Entre as pautas defendidas pelo movimento indígena em Santa Catarina e, mais especificamente, por Kerexu, está a valorização e o respeito à Educação Indígena.

“A proposta da aldeia, na criação do Ensino Médio, é criar um ensino específico com o modelo da educação do campo. Que exista um período maior, o período integral, mas seja um período com divisão escolar e comunitária. Que é aquele momento que o aluno vai pra dentro da terra indígena e faz a atividade de pesquisa. Tem muita coisa da educação que, para nós, a gente precisa segurar. Porque a gente teve um avanço nas conquistas desde a Constituição, a LDB e pareceres que foram criados pelos povos indígenas aqui em Santa Catarina, mas hoje a gente tem sofrido um retrocesso.

 Para mim, como professora e como liderança, é preciso atualizar o Sistema Nacional de Educação. Porque ele é um sistema muito atrasado, é um sistema falido que não funciona mais. Nós estamos numa era, que é a era da tecnologia, que é da informação muito mais rápida. 

Vou dar um exemplo, da escola que estuda com livros didáticos e traz a história do Brasil dizendo que o Brasil foi ‘descoberto’ em 1500. Hoje quando se olha dentro das informações dos próprios indígenas falando, todo mundo explica que o Brasil foi invadido, mostrando que se tem uma uma negação de direito muito forte.

Por exemplo, dizem ‘existiam povos indígenas aqui’, no passado.

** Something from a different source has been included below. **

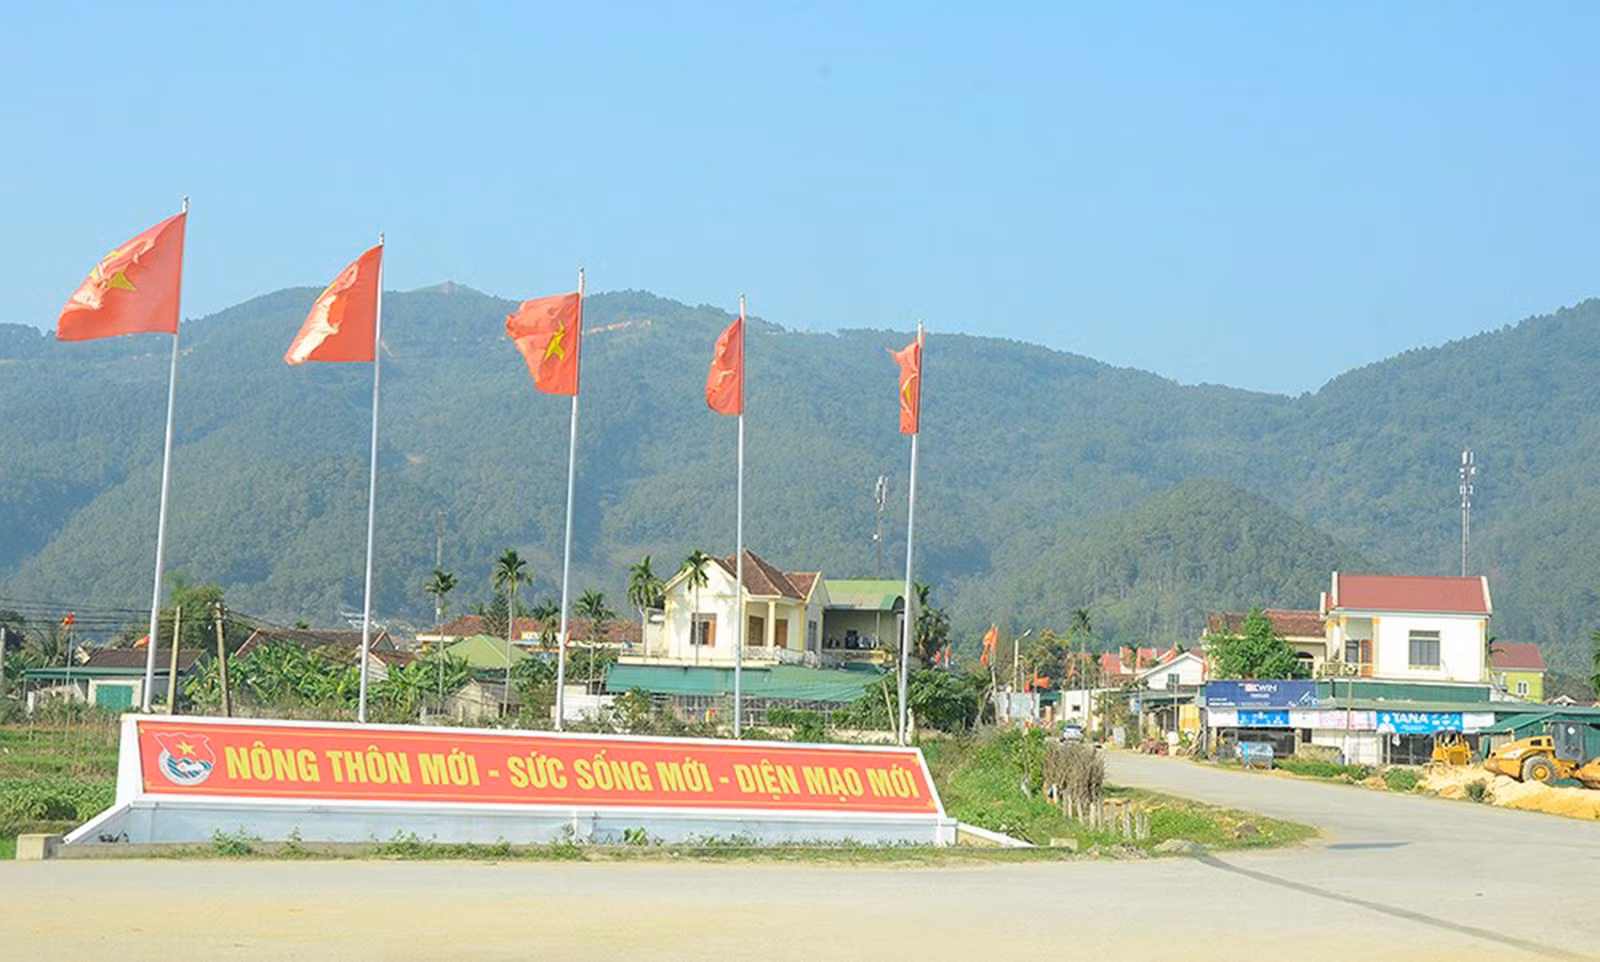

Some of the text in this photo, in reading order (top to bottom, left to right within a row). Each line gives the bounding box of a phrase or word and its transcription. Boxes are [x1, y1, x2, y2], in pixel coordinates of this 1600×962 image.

Aí os povos indígenas estão na sua frente de luta falando ‘estamos aqui’ e fazendo essas denúncias. Então é esse tipo de conflito que hoje o Sistema Nacional de Educação não consegue carregar mais e provoca esse conflito entre gerações mesmo.”

Mesmo ganhando força, elegendo candidatos e conquistando espaços nas esferas político partidárias do Brasil, Kerexu esclarece que o movimento indígena ainda luta muito para ser visto com respeito dentro dos próprios partidos que os recebem e nas coligações que se colocam em favor das mesmas causas.

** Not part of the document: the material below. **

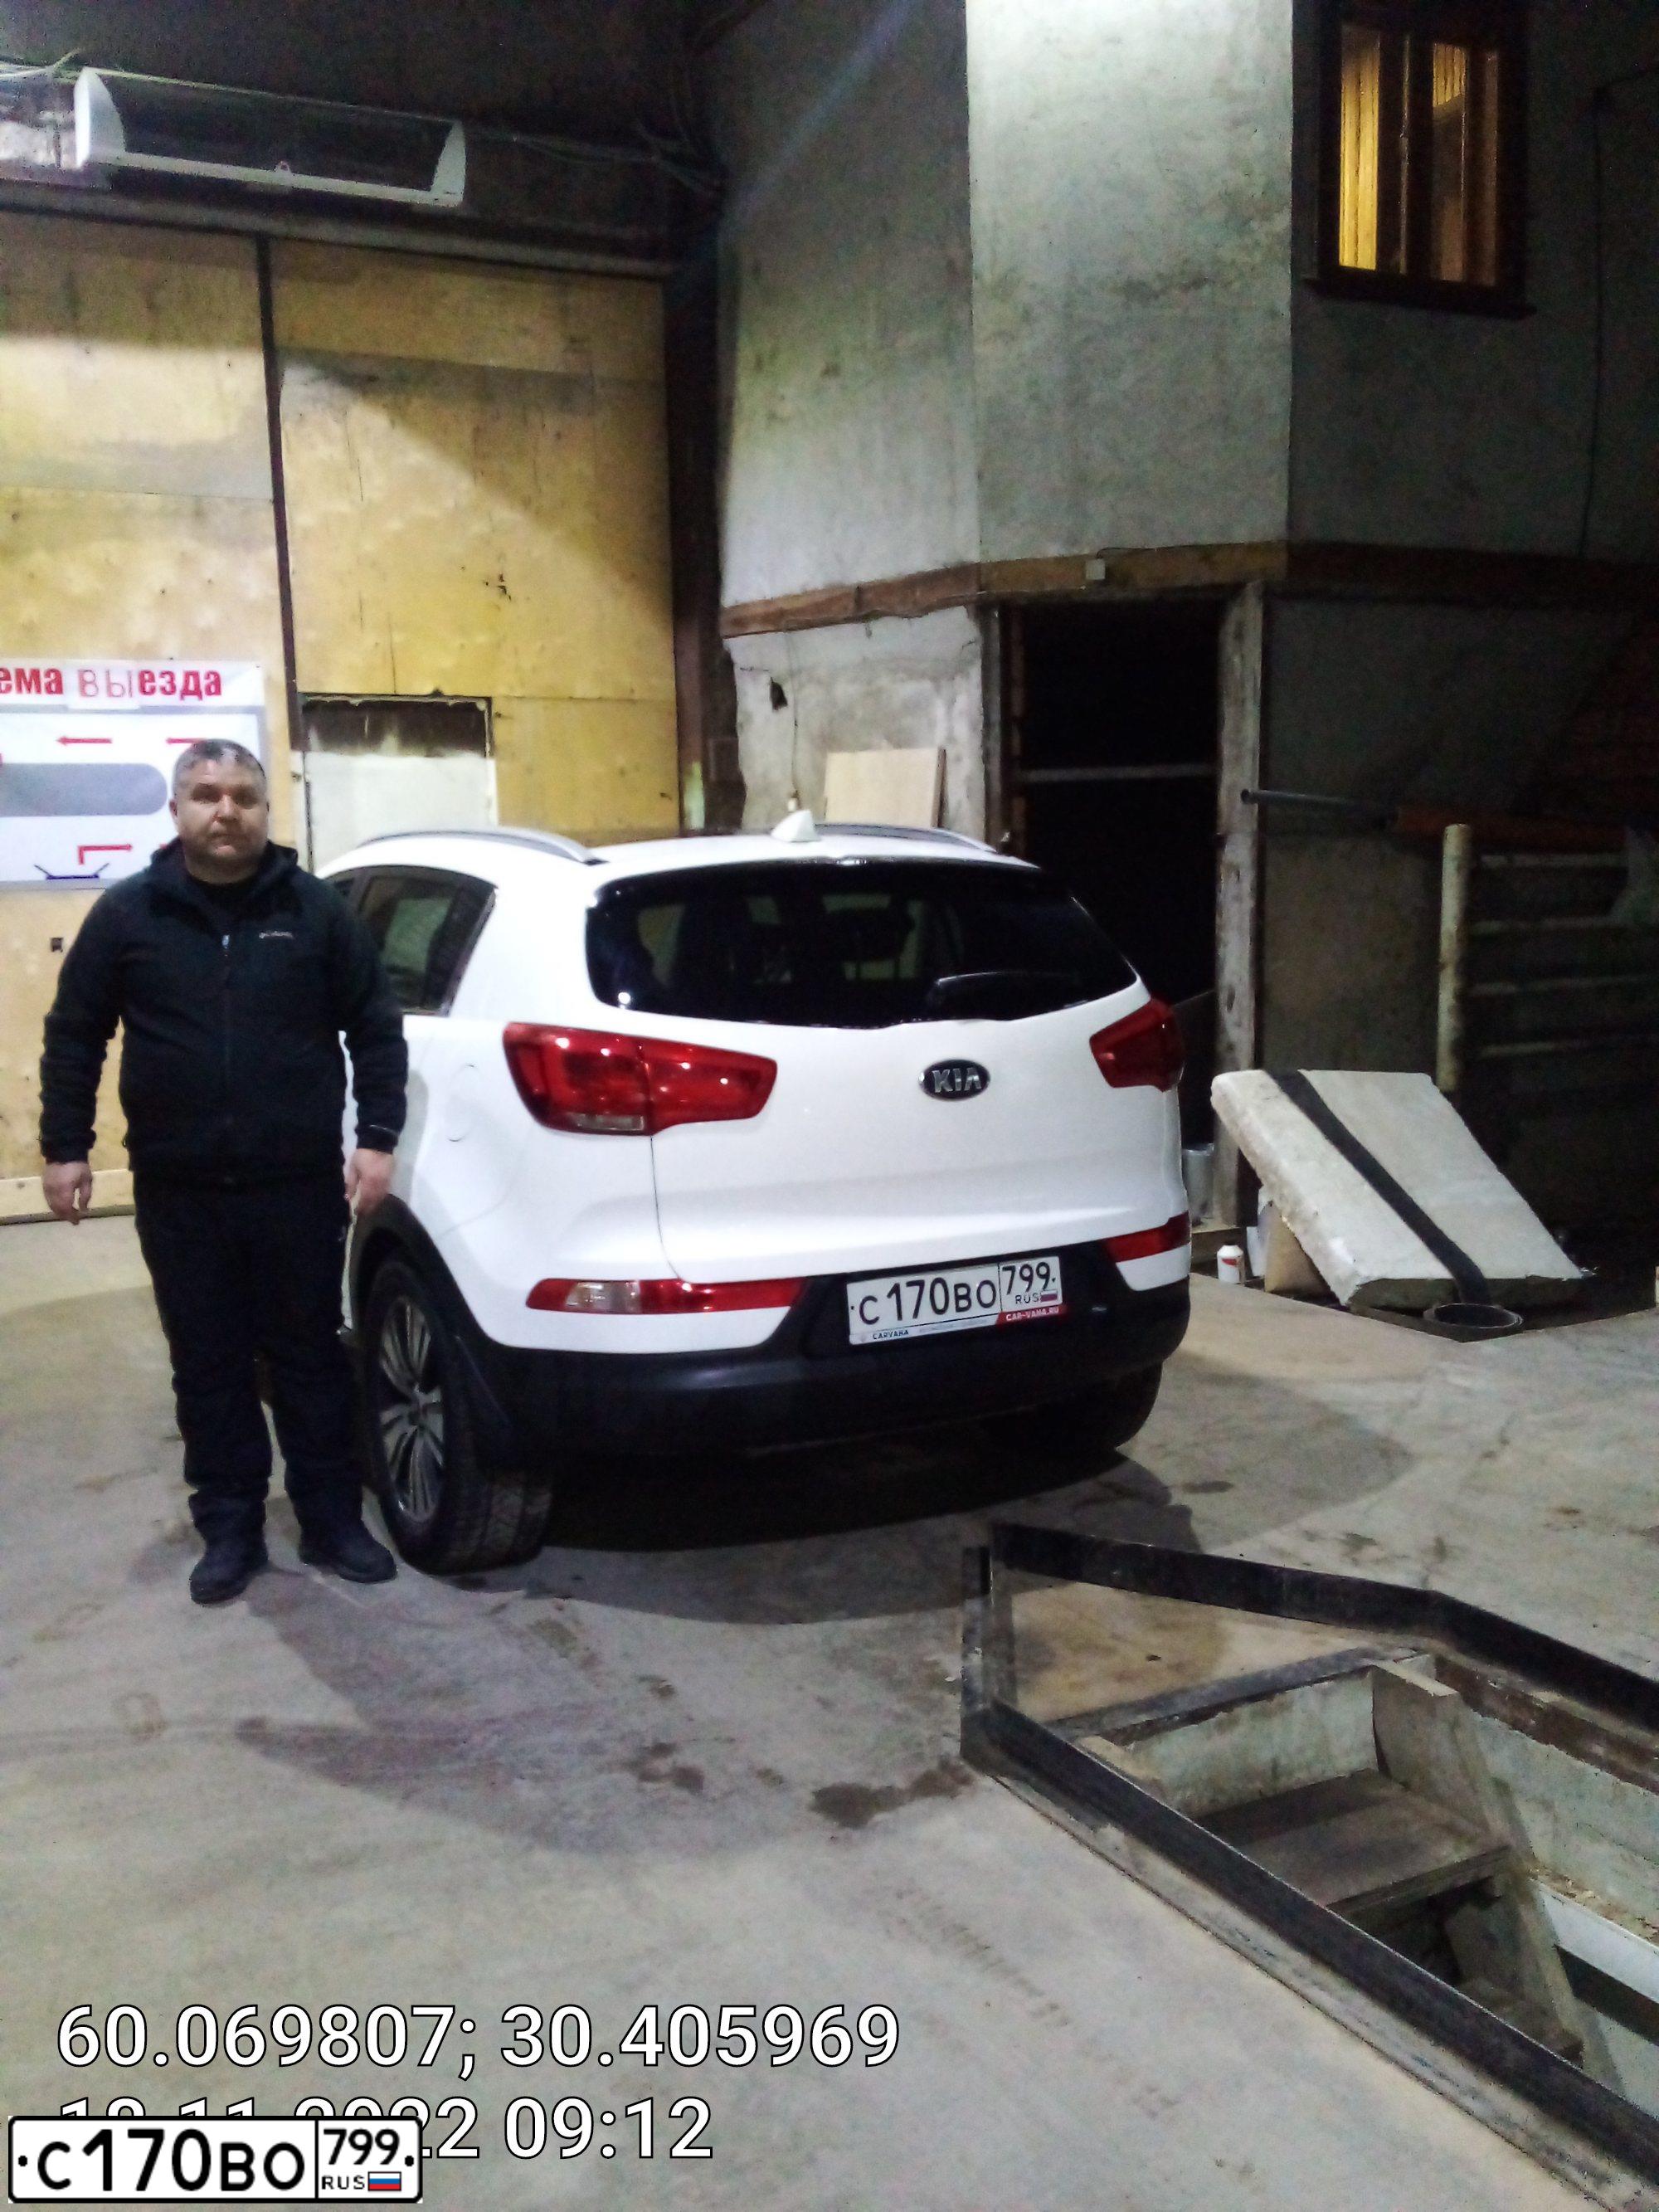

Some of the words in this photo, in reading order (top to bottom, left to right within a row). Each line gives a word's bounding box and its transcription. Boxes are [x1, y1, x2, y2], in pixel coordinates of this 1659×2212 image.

[932, 1067, 982, 1093] KIA
[1002, 1262, 1051, 1294] 799
[1015, 1293, 1040, 1304] RUS

Existe um olhar para os povos indígenas que é o da incapacidade indígena. Esse olhar é o que me incomoda muito e é o que a gente tenta a todo tempo desconstruir. Aquele olhar de ‘ah é um índio que tá ali, que legal’, como se fosse um objeto que está sendo colocado ali para enfeitar, para chamar atenção.

O que a gente quer construir é que existe um candidato indígena que é político, que vai fazer a mesma luta que qualquer outro político tá fazendo, mas ele vai fazer como um indígena. E que o partido e todos que estão envolvidos nesse partido estejam juntos nessa construção da luta política nesse lugar. Então aqui em Santa Catarina, nós temos dialogado muito sobre isso, tanto dentro da esfera estadual, quanto do Senado. Também a gente faz muito a cobrança, aqui em Santa Catarina, de trazer a visibilidade e o atendimento dos povos indígenas no Estado de Santa Catarina.

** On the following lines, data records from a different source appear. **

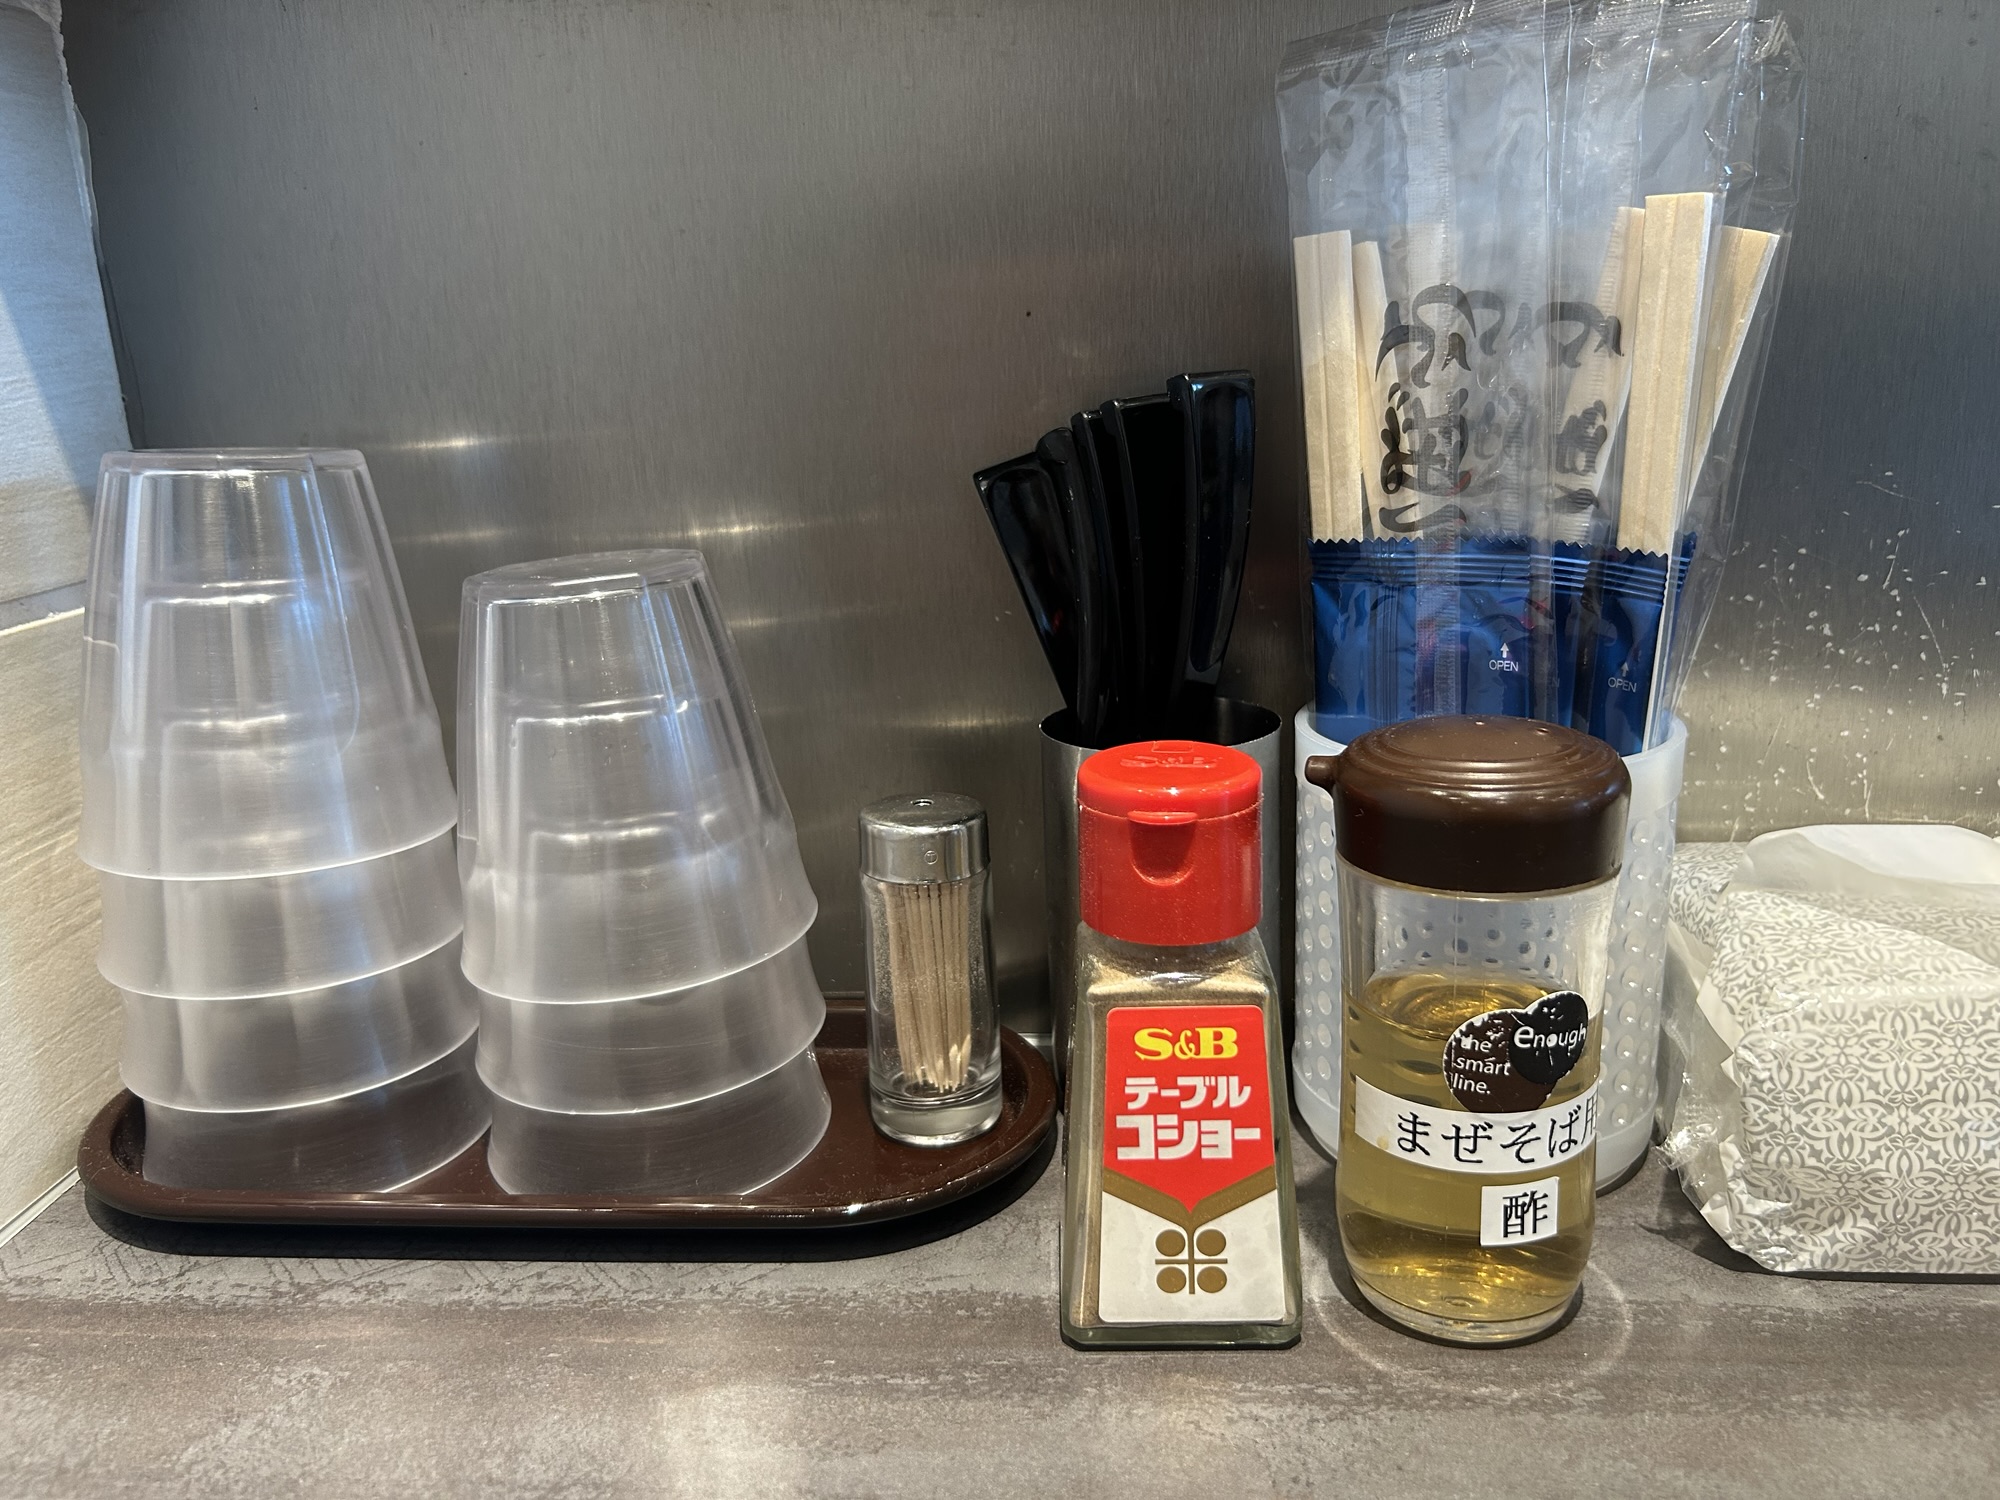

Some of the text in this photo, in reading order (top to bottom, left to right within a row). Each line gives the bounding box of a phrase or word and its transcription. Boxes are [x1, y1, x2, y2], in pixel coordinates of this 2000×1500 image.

[1488, 659, 1519, 672] OPEN
[1607, 677, 1637, 693] OPEN
[1133, 1026, 1239, 1061] S&B
[1455, 1056, 1511, 1076] smart
[1124, 1075, 1252, 1110] テーブル
[1453, 1073, 1491, 1095] line.
[1115, 1113, 1261, 1161] コショー
[1502, 1189, 1550, 1239] 酢

Então a gente tem vários desafios. Aí nós temos a primeira questão: as demarcações das terras. Tem também a discussão sobre o agronegócio e os impactos que tem causado nos territórios indígenas, e não só dentro dos territórios indígenas, mas no território ambiental também. E nas políticas públicas do Estado de Santa Catarina, por exemplo, as escolas indígenas. Todas elas estão vinculadas à educação estadual. Ainda, a criação de um atendimento específico para os povos indígenas na parte da saúde, que é um lugar que não existe para nós – nem no município nem no Estado.

Eu acredito muito, sabe? Mas, dentro dessas discussões eu sofro muito, tenho muitas decepções. Quando a gente fala algo, a gente precisa insistir, discutir, explicar e exigir para que isso seja contemplado. Dentro dessa questão dos direitos indígenas, então, eu sofro muitas decepções. Mas eu vejo que é um lugar que está sendo construído. E eu acredito que precisa mais, ainda acredito que precisa ter mais indígenas envolvidos para que a gente consiga se fortalecer.”